Le Dérapage Qui Coûte Cher : Quand Nathalie Saint-Cricq Compare Ciotti À Mussolini
La scène est glaçante. Ce dimanche 15 mars 2026, en pleine soirée électorale des municipales sur France Info, Nathalie Saint-Cricq croit son micro coupé. Éric Ciotti vient de triompher au premier tour à Nice, à la tête de l’Union des droites pour la République. L’éditorialiste politique de France Télévisions se penche alors vers ses collègues et lâche, sans filtre : « Alias Benito ». La référence à Benito Mussolini, fondateur du Parti national fasciste italien, claque comme une gifle. Sauf que le micro, lui, n’était pas coupé.

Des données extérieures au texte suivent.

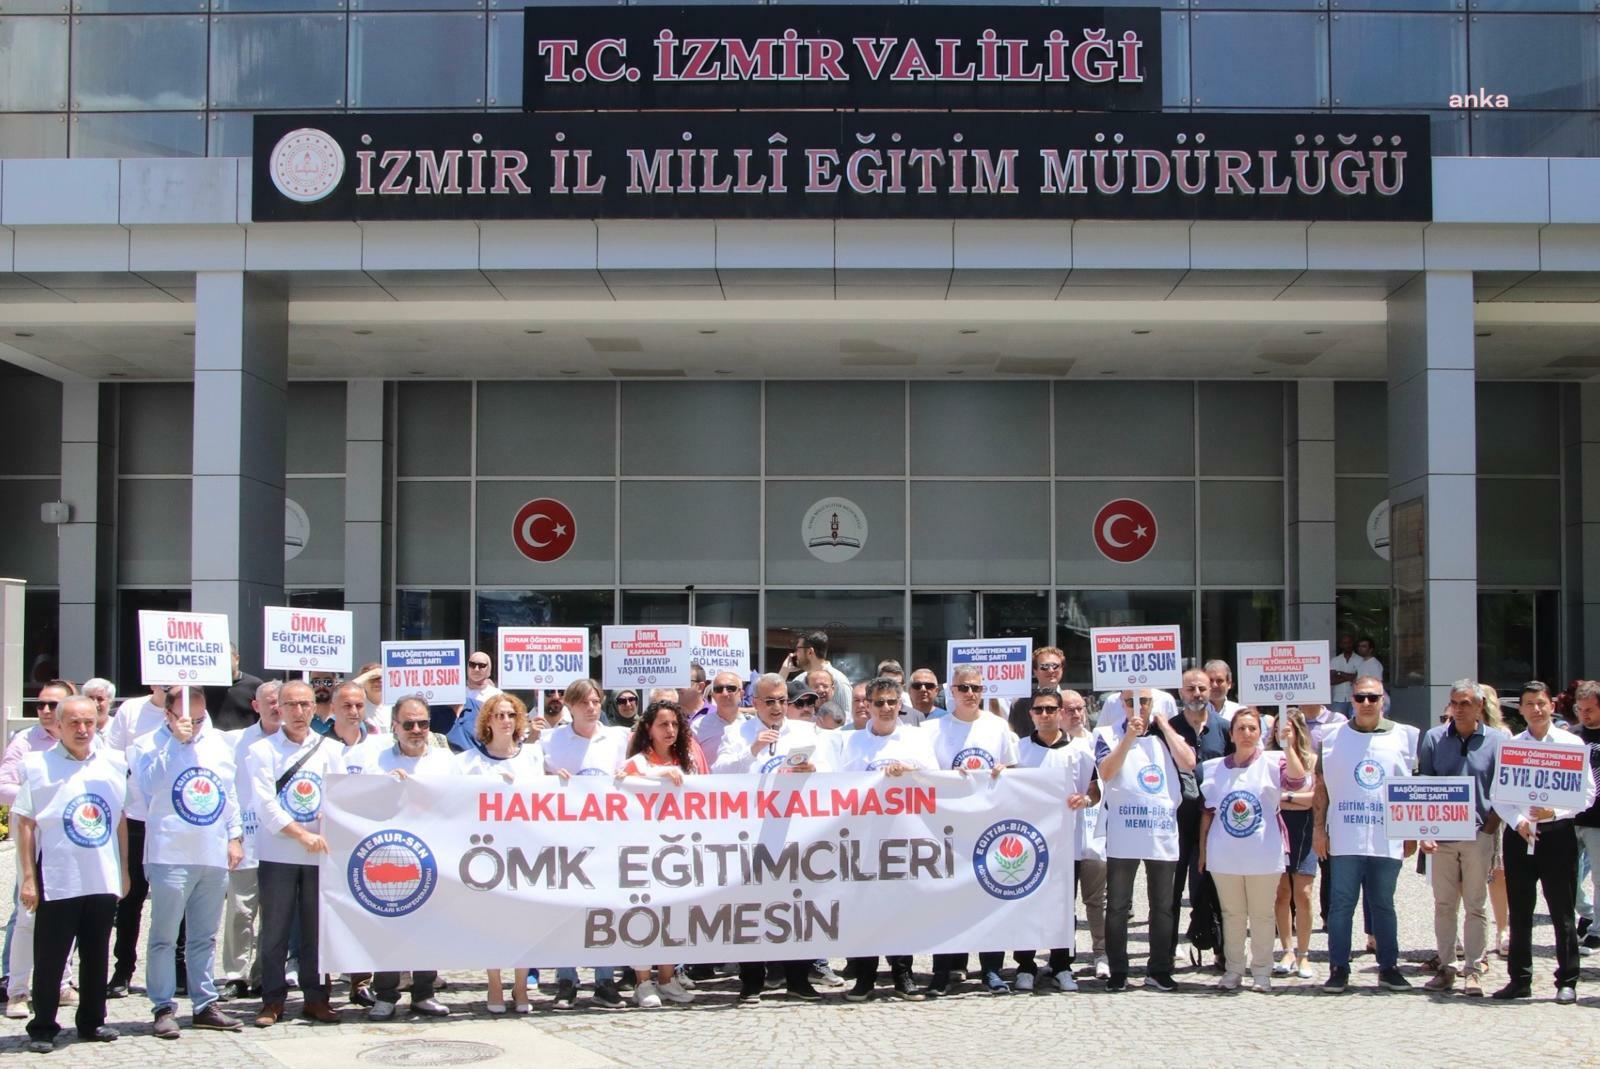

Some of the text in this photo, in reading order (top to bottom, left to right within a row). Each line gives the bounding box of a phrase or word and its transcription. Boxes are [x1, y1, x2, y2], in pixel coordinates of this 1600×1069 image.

[539, 28, 1144, 83] T.C. İZMİR VALİLİĞİ
[355, 133, 532, 195] İZMİR
[549, 131, 606, 194] İL
[626, 131, 788, 194] MİLLÎ
[803, 131, 1019, 194] EĞİTİM
[1039, 132, 1408, 195] MÜDÜRLÜĞÜ
[167, 617, 204, 640] ÖMK
[291, 612, 327, 633] ÖMK
[148, 639, 224, 654] EĞİTİMCİLERİ
[272, 630, 346, 645] EĞİTİMCİLERİ
[701, 630, 729, 648] ÖMK
[280, 642, 338, 656] BÖLMESİN
[157, 652, 217, 667] BÖLMESİN
[406, 657, 423, 665] SÜRE
[504, 653, 584, 672] 5 YIL OLSUN
[623, 656, 671, 666] MALİ KAYIP
[1097, 652, 1176, 673] 5 YIL OLSUN
[388, 669, 460, 688] 10 YIL OLSUN
[617, 665, 677, 676] YAŞATMAMALI
[987, 664, 1025, 681] OLSUN
[1259, 673, 1308, 682] MALİ KAYIP
[1253, 682, 1316, 693] YAŞATMAMALI
[1503, 748, 1527, 757] UZMAN
[1499, 766, 1582, 793] 5 YIL OLSUN
[479, 787, 936, 822] HAKLAR YARIM KALMASIN
[1408, 792, 1428, 800] SÜRE
[1389, 804, 1469, 822] 10 YIL OLSUN
[357, 832, 429, 859] MEMUR-SEN
[458, 825, 955, 892] ÖMK EĞİTİMCİLERİ
[584, 888, 839, 948] BÖLMESİN

Les téléspectateurs entendent tout. Le malaise s’installe sur le plateau. Nathalie Saint-Cricq, 64 ans, maman de Benjamin et Raphaël Duhamel, réalise immédiatement sa bourde. Les excuses suivent rapidement, mais le mal est fait. France Télévisions ne peut ignorer cette sortie de route en direct. La sanction tombe, brutale : mise à l’écart jusqu’au 22 mars. L’éditorialiste, visage incontournable du service public, ne participera pas à la soirée du second tour des municipales.

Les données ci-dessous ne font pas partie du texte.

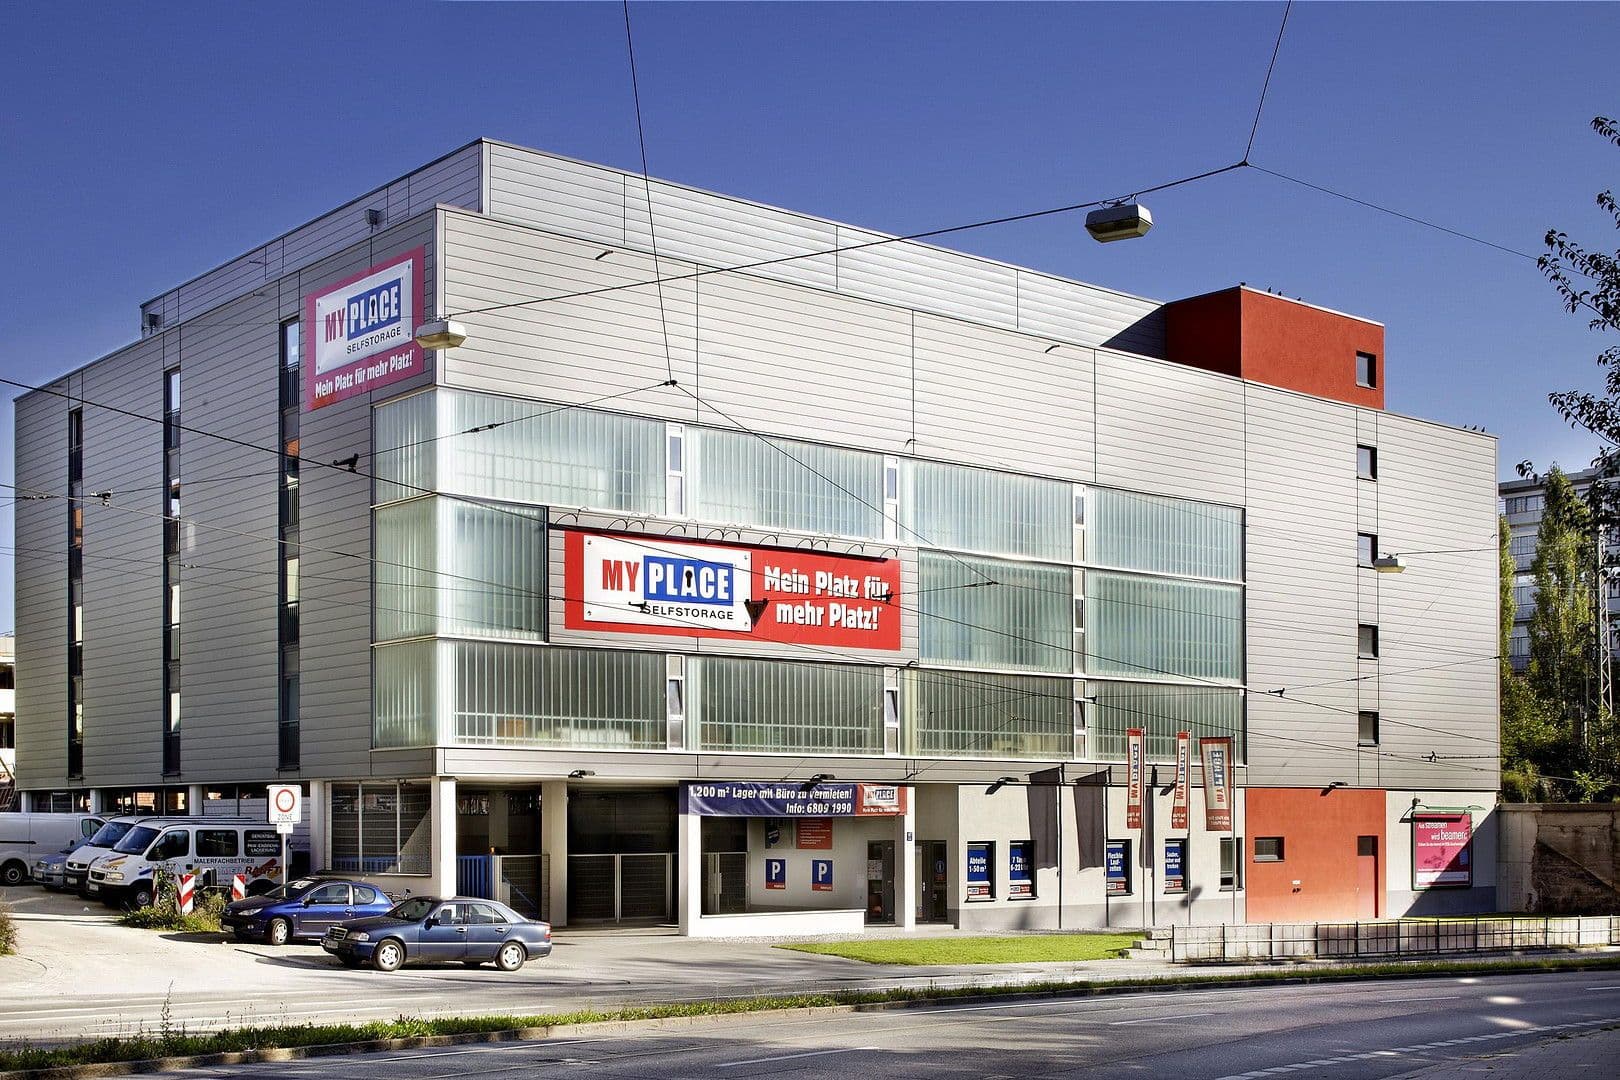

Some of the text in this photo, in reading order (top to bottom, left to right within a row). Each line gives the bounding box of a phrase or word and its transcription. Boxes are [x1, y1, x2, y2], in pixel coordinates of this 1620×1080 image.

[325, 286, 398, 343] MY PLACE
[347, 326, 401, 354] SELFSTORAGE
[315, 380, 333, 399] Mein
[335, 373, 353, 391] Platz
[355, 367, 365, 384] für
[367, 360, 388, 379] mehr
[602, 559, 730, 600] MY PLACE
[764, 565, 889, 600] Mein Platz für
[644, 606, 734, 620] SELFSTORAGE
[776, 601, 825, 626] mehr
[732, 787, 757, 799] Lager
[759, 788, 773, 799] mit
[776, 788, 795, 799] Büro
[797, 790, 807, 798] zu
[809, 788, 853, 800] vermieten!
[786, 802, 852, 814] Info: 6809 1990
[771, 861, 780, 880] P
[818, 862, 827, 882] P

D’après Le Parisien, la comparaison a particulièrement irrité Delphine Ernotte, présidente de France Télévisions, et Philippe Corbé, nouveau directeur de l’information. France Info présente officiellement ses excuses à Éric Ciotti. Pour Nathalie Saint-Cricq, habituée aux plateaux et aux débats tendus, cette gaffe micro ouvert risque de laisser des traces.
Conséquences En Cascade : La Direction De France Télévisions Monte Au Créneau
Les répercussions ne se font pas attendre. Jusqu’au 22 mars, Nathalie Saint-Cricq sera absente des antennes. Une sanction qui la prive de l’un des rendez-vous majeurs de l’année : la soirée du second tour des municipales. Pour une éditorialiste politique de son calibre, c’est un camouflet public. L’occasion de briller sur un scrutin aussi scruté lui échappe totalement.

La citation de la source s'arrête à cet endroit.